* _Task item_
Give the data below again exactly as written, but without the pictures.

=== Section Start ===

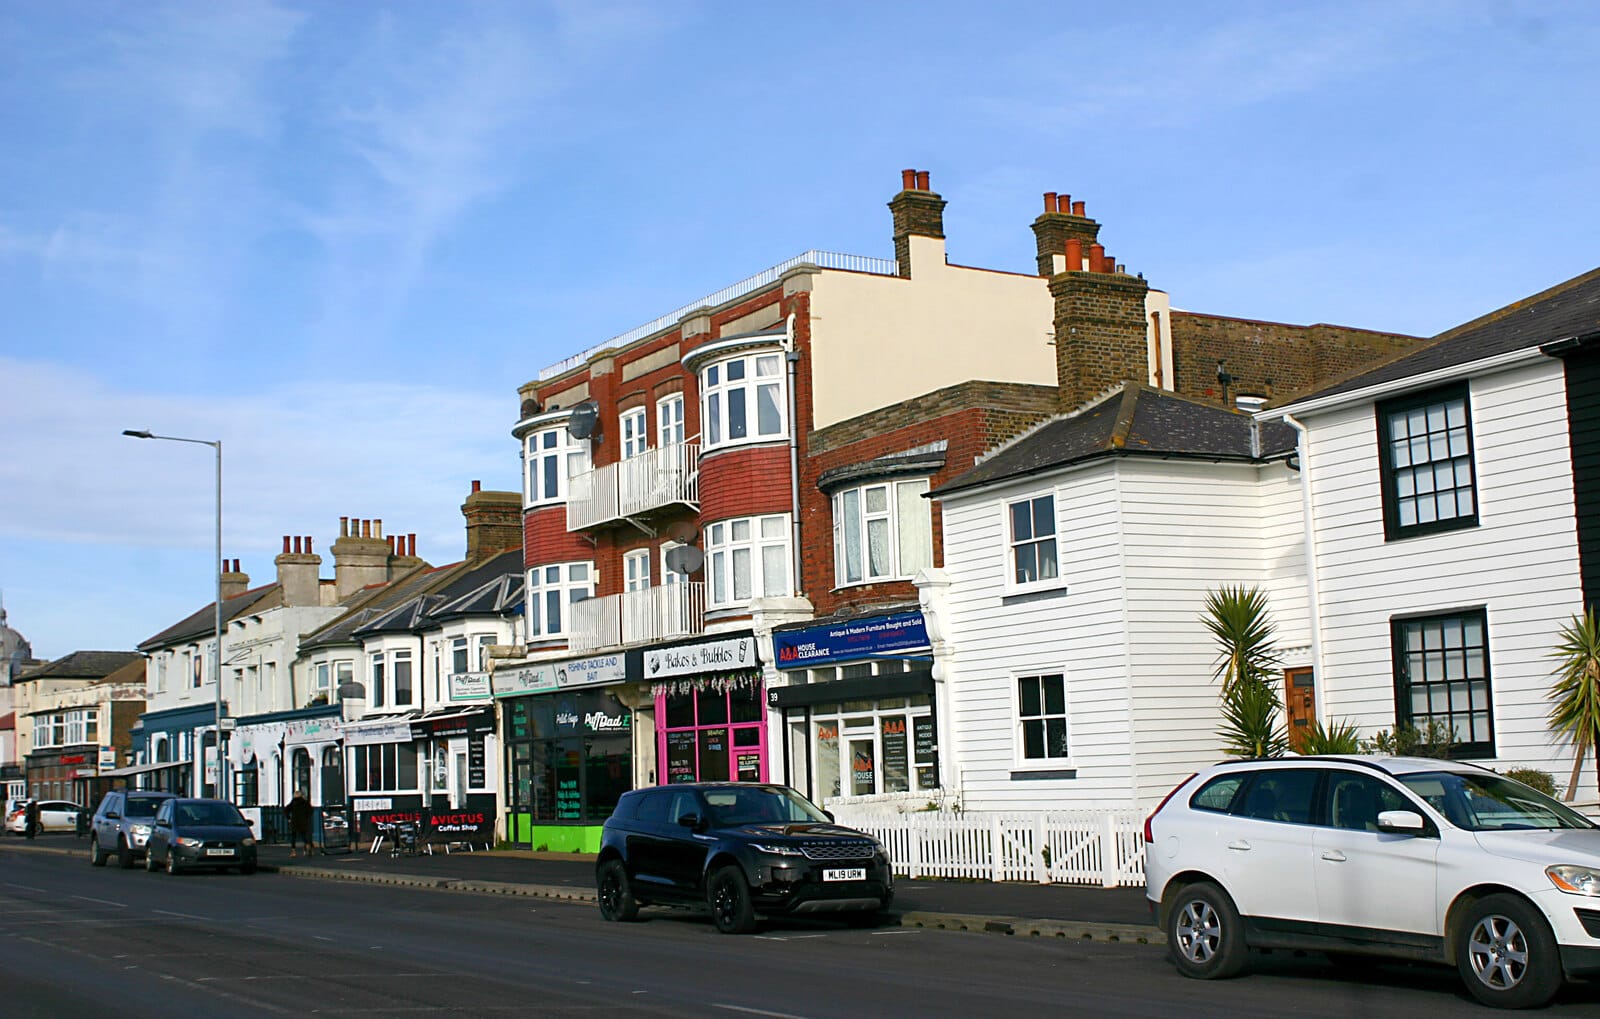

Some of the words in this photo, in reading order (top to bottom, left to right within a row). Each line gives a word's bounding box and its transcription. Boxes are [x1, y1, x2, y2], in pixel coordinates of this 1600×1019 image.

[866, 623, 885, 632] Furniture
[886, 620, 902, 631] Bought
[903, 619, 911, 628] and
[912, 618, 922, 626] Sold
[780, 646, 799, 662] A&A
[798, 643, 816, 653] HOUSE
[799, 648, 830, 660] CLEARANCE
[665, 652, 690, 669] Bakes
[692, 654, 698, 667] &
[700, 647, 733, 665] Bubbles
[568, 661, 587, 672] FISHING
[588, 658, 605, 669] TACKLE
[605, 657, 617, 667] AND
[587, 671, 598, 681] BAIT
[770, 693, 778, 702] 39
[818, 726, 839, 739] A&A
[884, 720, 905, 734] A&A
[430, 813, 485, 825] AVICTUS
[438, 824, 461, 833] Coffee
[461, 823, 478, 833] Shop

=== Section End ===

* _Task answer_
Some of the words in this photo, in reading order (top to bottom, left to right within a row). Each line gives a word's bounding box and its transcription. Boxes are [x1, y1, x2, y2], in pixel coordinates of this 1600×1019 image.

[866, 623, 885, 632] Furniture
[886, 620, 902, 631] Bought
[903, 619, 911, 628] and
[912, 618, 922, 626] Sold
[780, 646, 799, 662] A&A
[798, 643, 816, 653] HOUSE
[799, 648, 830, 660] CLEARANCE
[665, 652, 690, 669] Bakes
[692, 654, 698, 667] &
[700, 647, 733, 665] Bubbles
[568, 661, 587, 672] FISHING
[588, 658, 605, 669] TACKLE
[605, 657, 617, 667] AND
[587, 671, 598, 681] BAIT
[770, 693, 778, 702] 39
[818, 726, 839, 739] A&A
[884, 720, 905, 734] A&A
[430, 813, 485, 825] AVICTUS
[438, 824, 461, 833] Coffee
[461, 823, 478, 833] Shop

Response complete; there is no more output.